Task directions
Every entry must reappear in your answer exactly as written, though its pictures must not.

*** Block opens ***

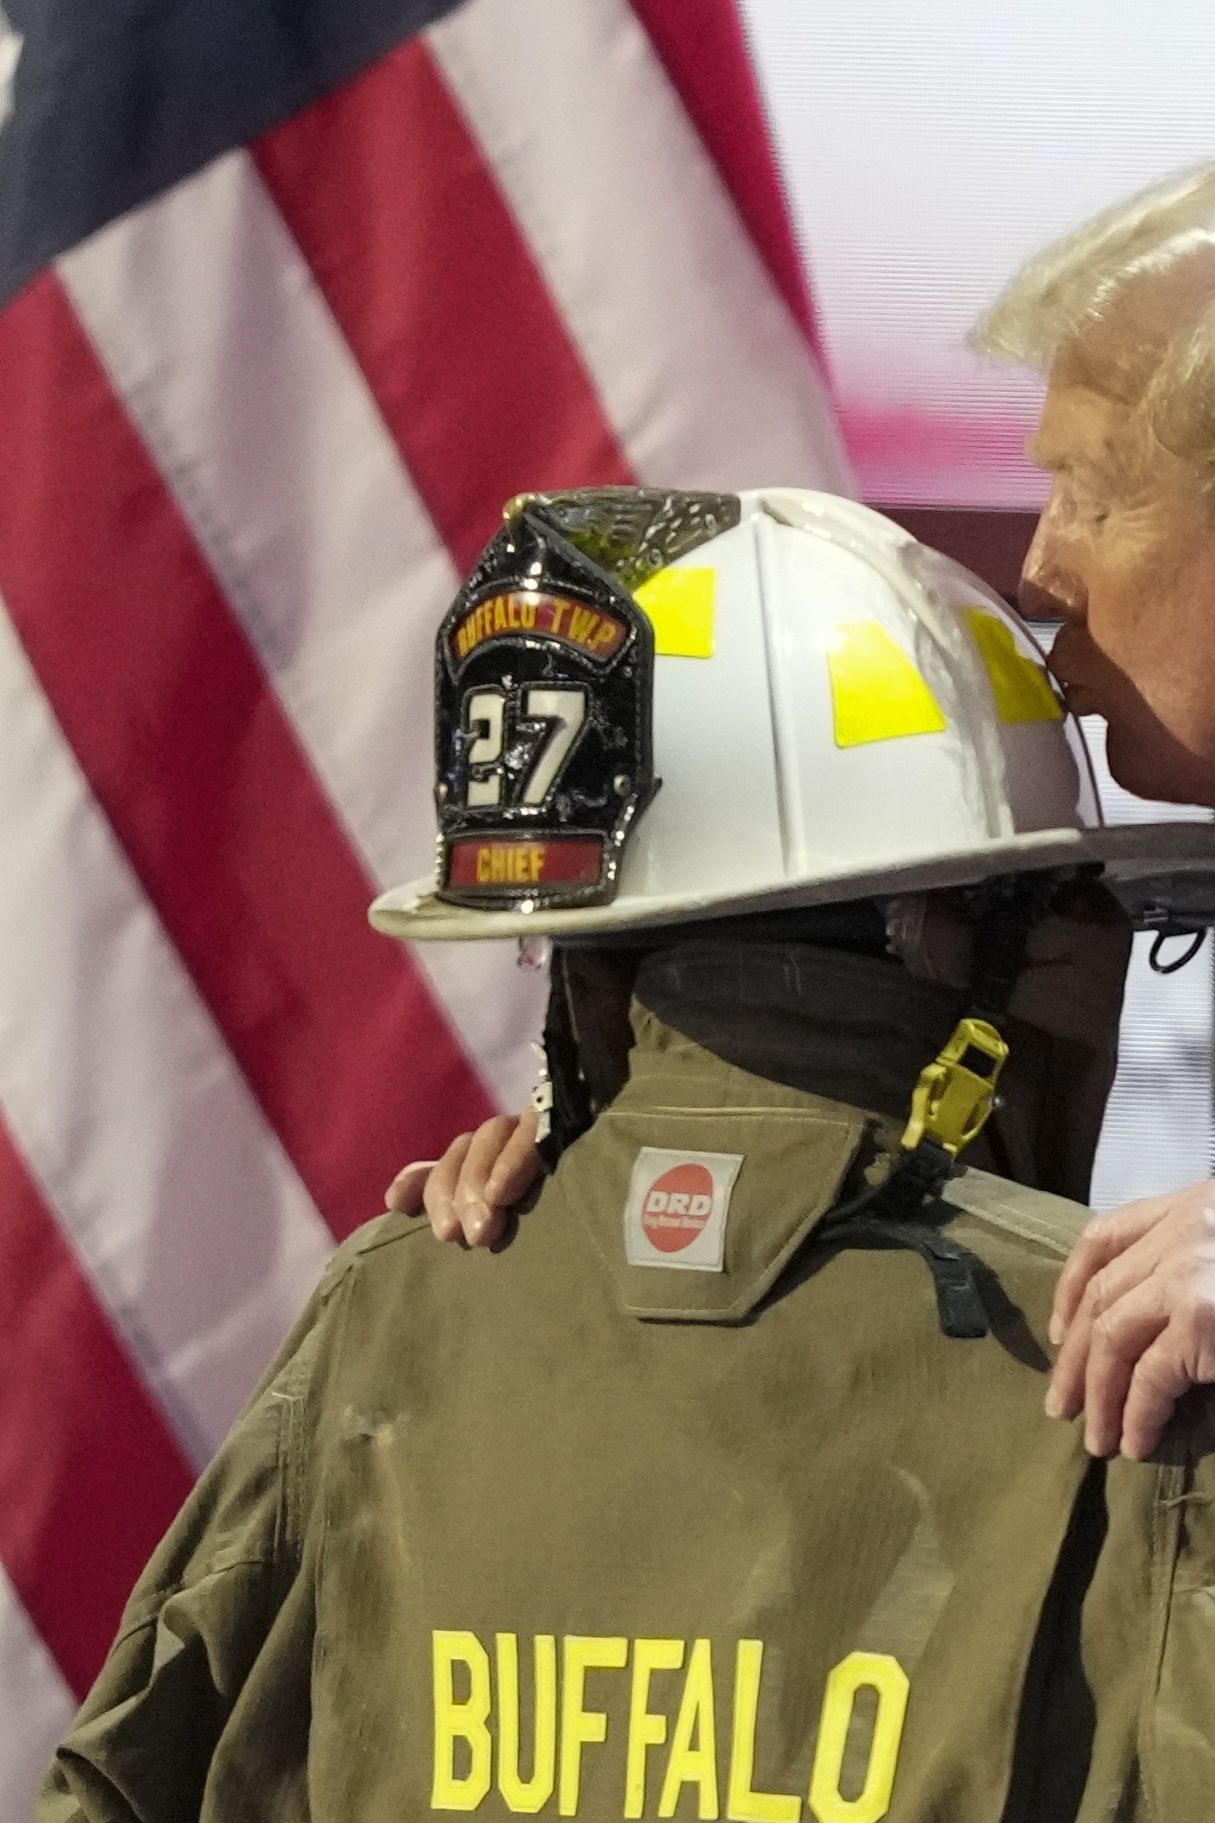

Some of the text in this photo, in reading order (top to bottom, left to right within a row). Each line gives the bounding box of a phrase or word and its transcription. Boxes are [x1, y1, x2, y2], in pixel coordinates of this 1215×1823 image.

[457, 593, 536, 657] BUFFALO
[465, 687, 586, 808] 27
[475, 846, 546, 882] CHIEF
[646, 1191, 713, 1216] DRD
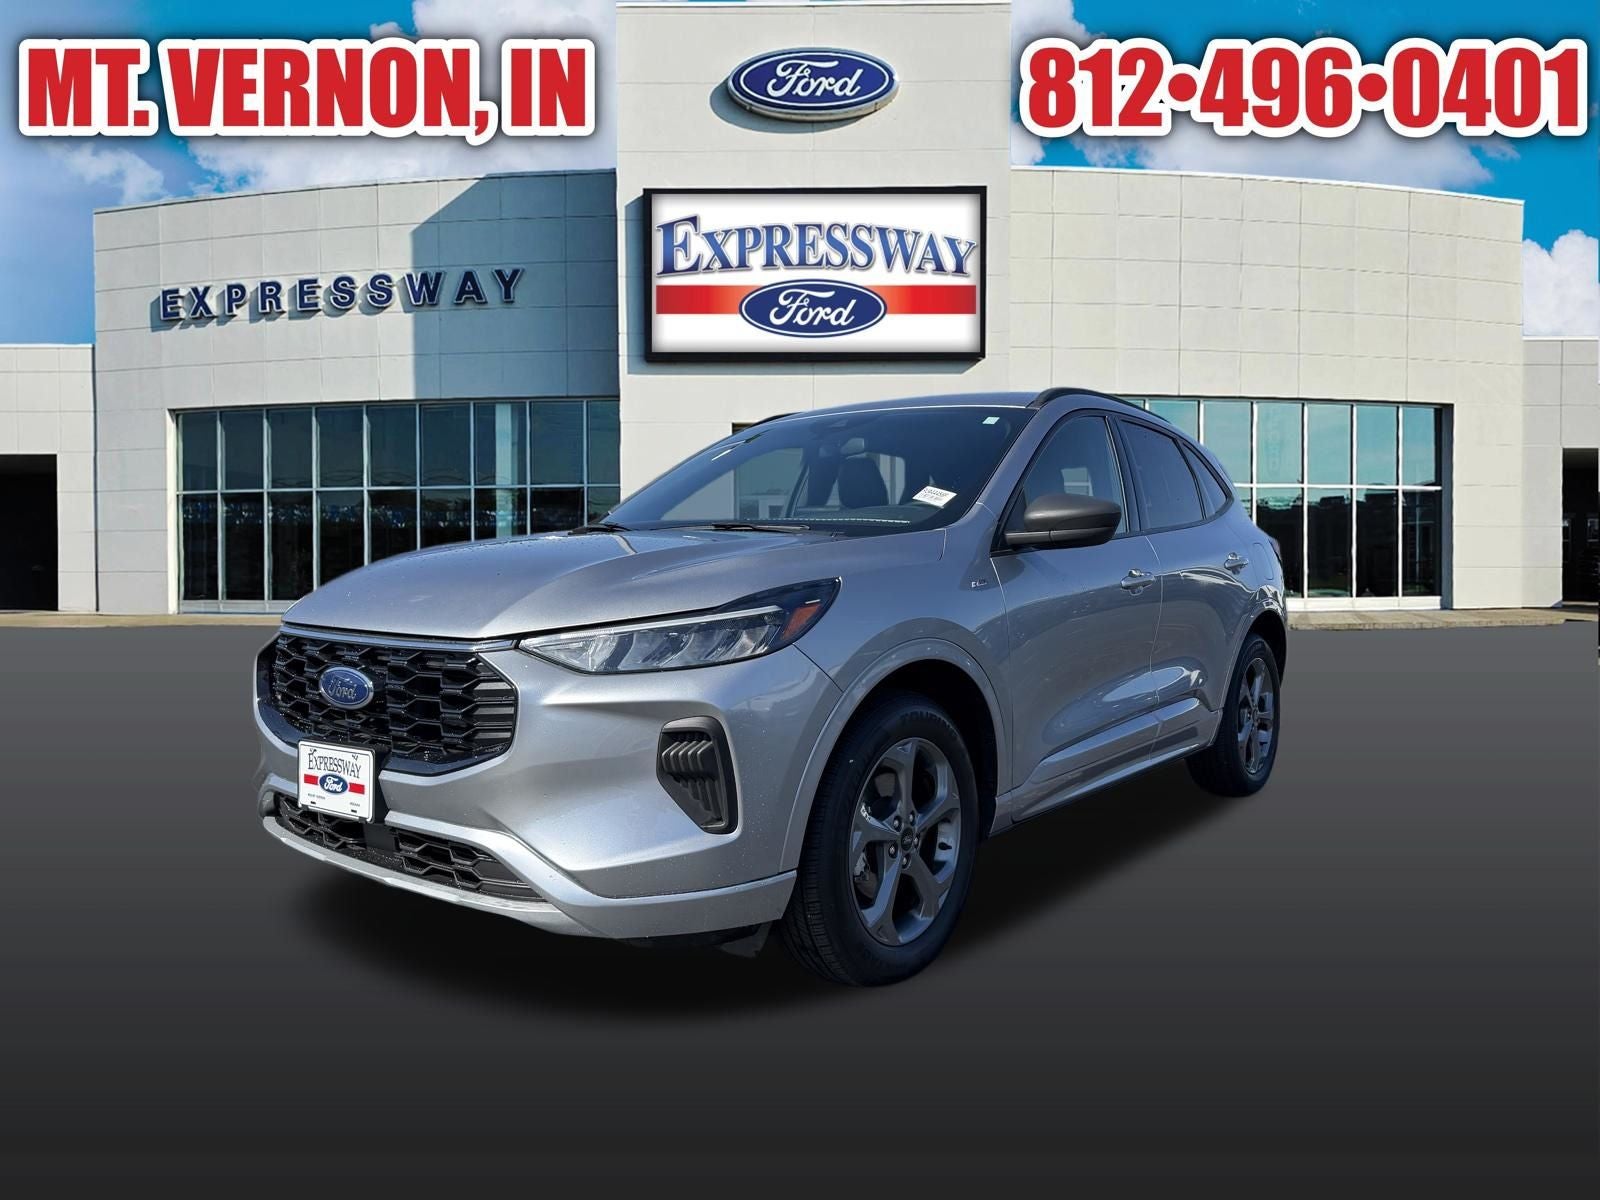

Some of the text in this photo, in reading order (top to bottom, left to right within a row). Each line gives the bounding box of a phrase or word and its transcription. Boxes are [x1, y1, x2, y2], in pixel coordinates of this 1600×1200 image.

[766, 59, 864, 98] Ford
[656, 214, 977, 278] EXPRESSWAY
[159, 267, 525, 322] EXPRESSWAY
[769, 288, 856, 327] Ford
[328, 676, 357, 701] Ford
[307, 752, 362, 779] EXPRESSWAY
[323, 776, 343, 793] Ford
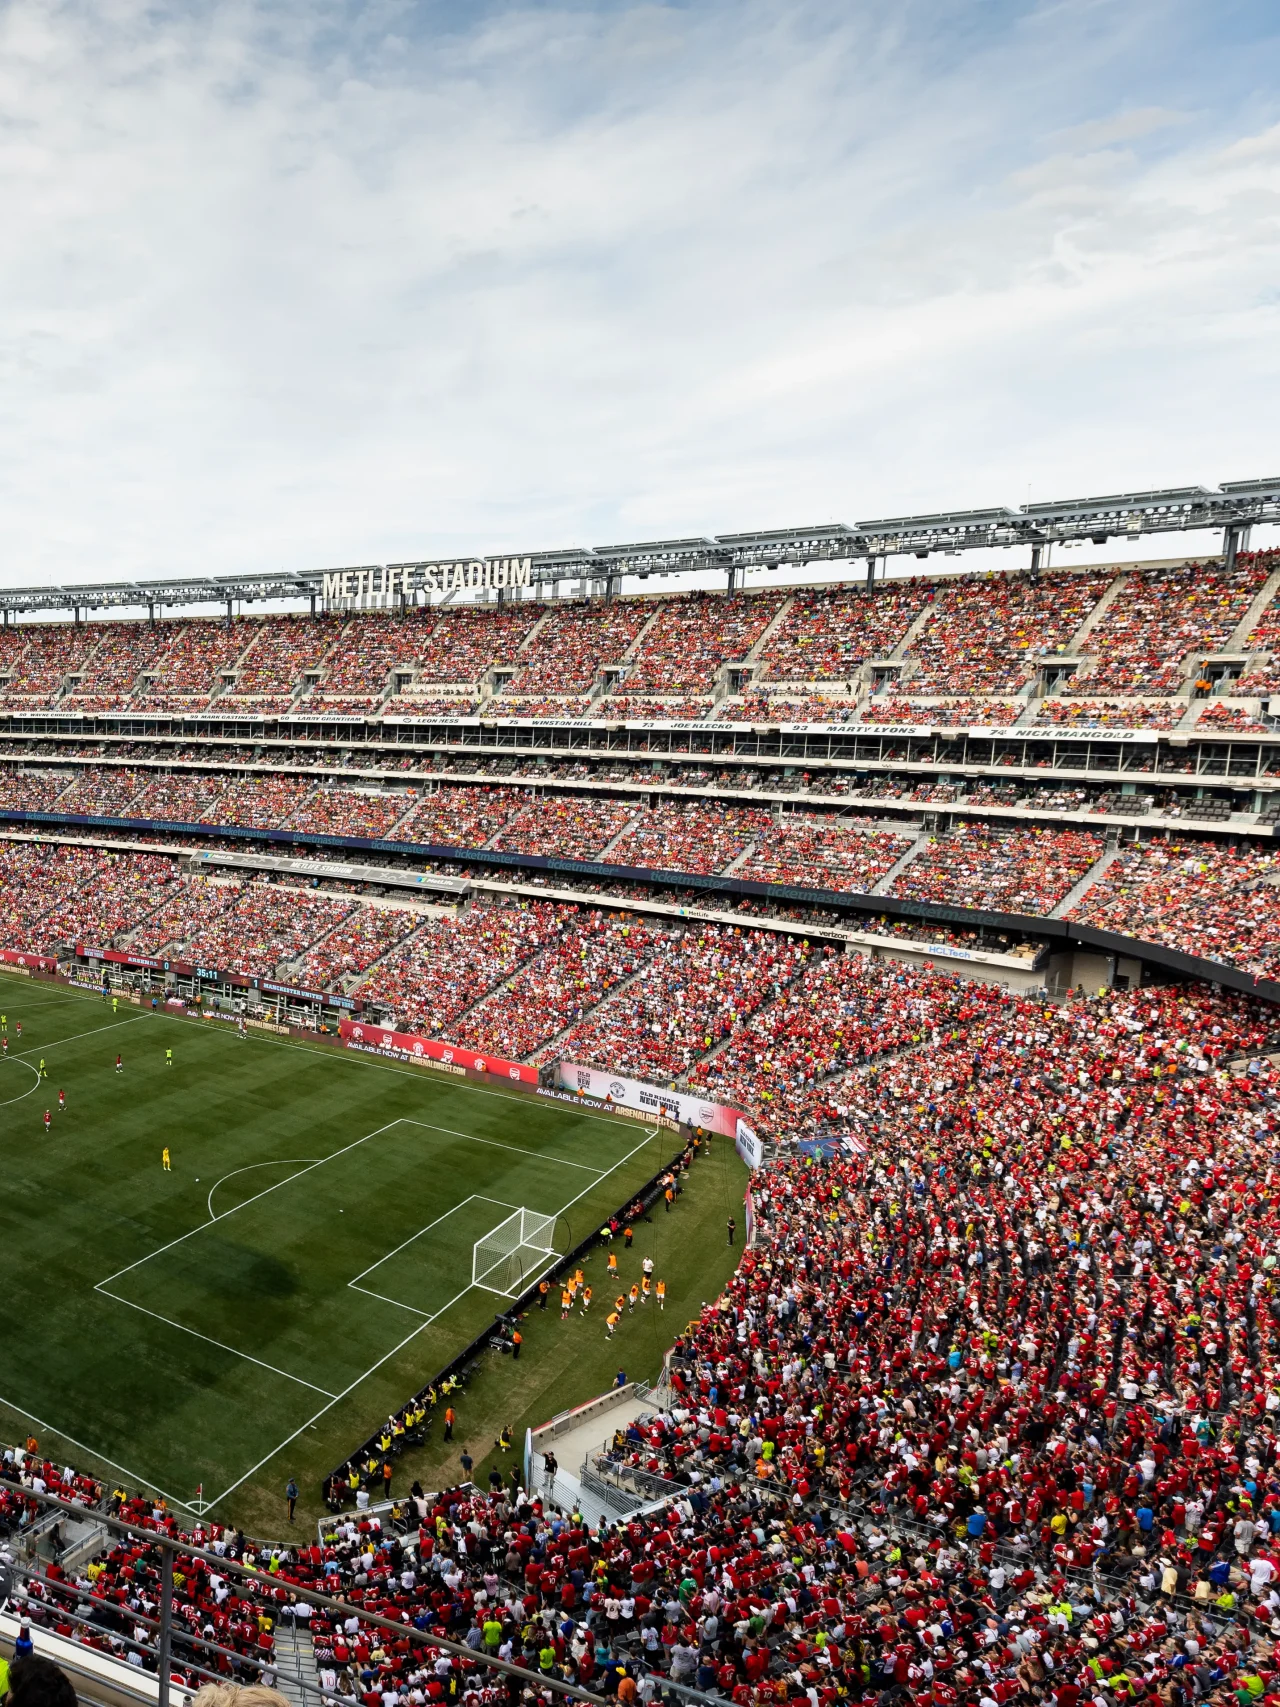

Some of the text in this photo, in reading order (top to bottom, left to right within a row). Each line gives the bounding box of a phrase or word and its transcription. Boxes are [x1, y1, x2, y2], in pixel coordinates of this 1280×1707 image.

*** Block closes ***

Solved problem
Some of the text in this photo, in reading order (top to bottom, left to right within a row). Each line gives the bounding box of a phrase or word and its transcription. Boxes are [x1, y1, x2, y2], in pixel coordinates of this 1215×1823 image.

[457, 593, 536, 657] BUFFALO
[465, 687, 586, 808] 27
[475, 846, 546, 882] CHIEF
[646, 1191, 713, 1216] DRD

Some of the text in this photo, in reading order (top to bottom, left to right within a row). Each line gives the bounding box of a phrase or word and its transcription. Boxes are [x1, y1, x2, y2], in pixel coordinates of this 1600×1200 image.

[766, 59, 864, 98] Ford
[656, 214, 977, 278] EXPRESSWAY
[159, 267, 525, 322] EXPRESSWAY
[769, 288, 856, 327] Ford
[328, 676, 357, 701] Ford
[307, 752, 362, 779] EXPRESSWAY
[323, 776, 343, 793] Ford

Some of the text in this photo, in reading order (top to bottom, left to right within a row). Each line gives the bounding box of a phrase or word and its transcription. Boxes are [x1, y1, x2, y2], in pixel coordinates of this 1280×1707 image.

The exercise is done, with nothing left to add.